Published on January 26, 2006 at 4:57 PM · No Comments

Risk Management Solutions, Inc. (RMS) released the findings of an in-depth study that provides life and personal accident insurers in Japan with key benchmarks for the potential risk of human casualties from catastrophic events.

The RMS study, "Catastrophe Mortality in Japan: The Impact of Catastrophes on Life and Personal Accident Insurance," examines scenarios that would cause over 10,000 fatalities -- representing a 1% increase in annual mortality -- in the categories of infectious disease, earthquake, tsunami, and terrorism. This is the most extensive analysis to date of potential catastrophe risk in Japan for these segments of the insurance industry.

"Japan has the largest life insurance industry in the world. While it has rarely faced losses on the catastrophic scale confronted by property insurers, large losses are clearly possible and, as some argue, inevitable in the longer term," said Hemant Shah, president and CEO of RMS. "Our hope is that this study will improve the understanding of the potential risk from human casualty in Japan and lead to the reduction of casualties from future catastrophes through increased awareness, preparedness, and mitigation."

Infectious disease currently ranks third after cancer and heart disease as the primary cause of death in Japan. Given current heavy travel volumes and open borders between countries, a disease originating anywhere in the world can spread quickly into susceptible populations in many countries. A new mutation of the influenza virus is particularly feared within the scientific community, and countries neighboring Japan are the likely source of an outbreak.

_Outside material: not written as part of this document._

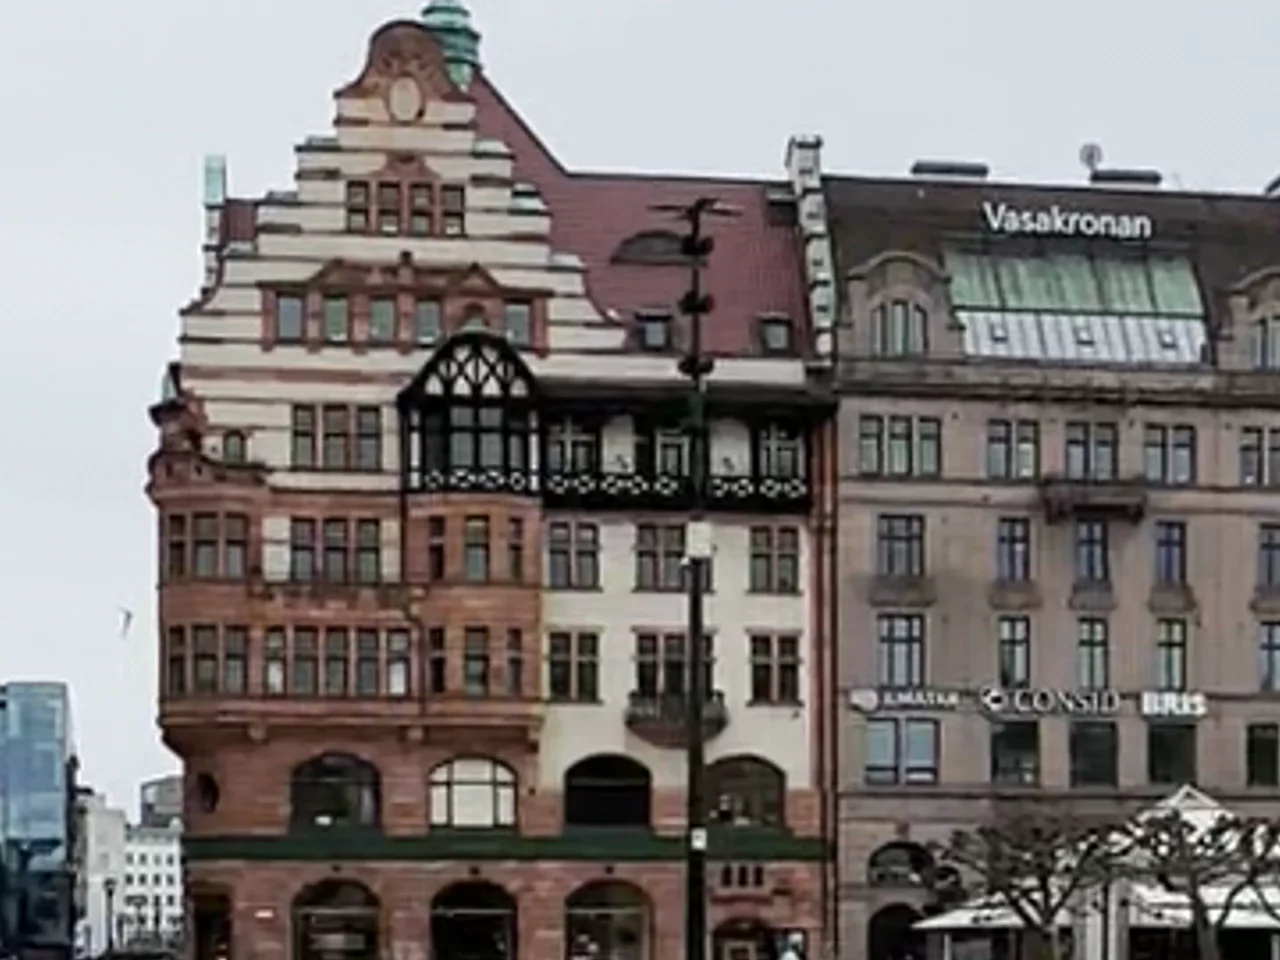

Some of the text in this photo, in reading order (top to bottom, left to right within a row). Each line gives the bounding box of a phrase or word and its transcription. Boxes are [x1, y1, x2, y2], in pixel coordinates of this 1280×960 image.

For this study, RMS looked at the scenario of an influenza virus mutation developing into a pandemic and spreading through many cities in Japan despite stringent response measures implemented by the government. The pandemic scenario in Japan results in an estimated 24 million people requiring medical treatment and 500,000 deaths. The deaths result in group life and individual life insurance payouts totaling $58 billion.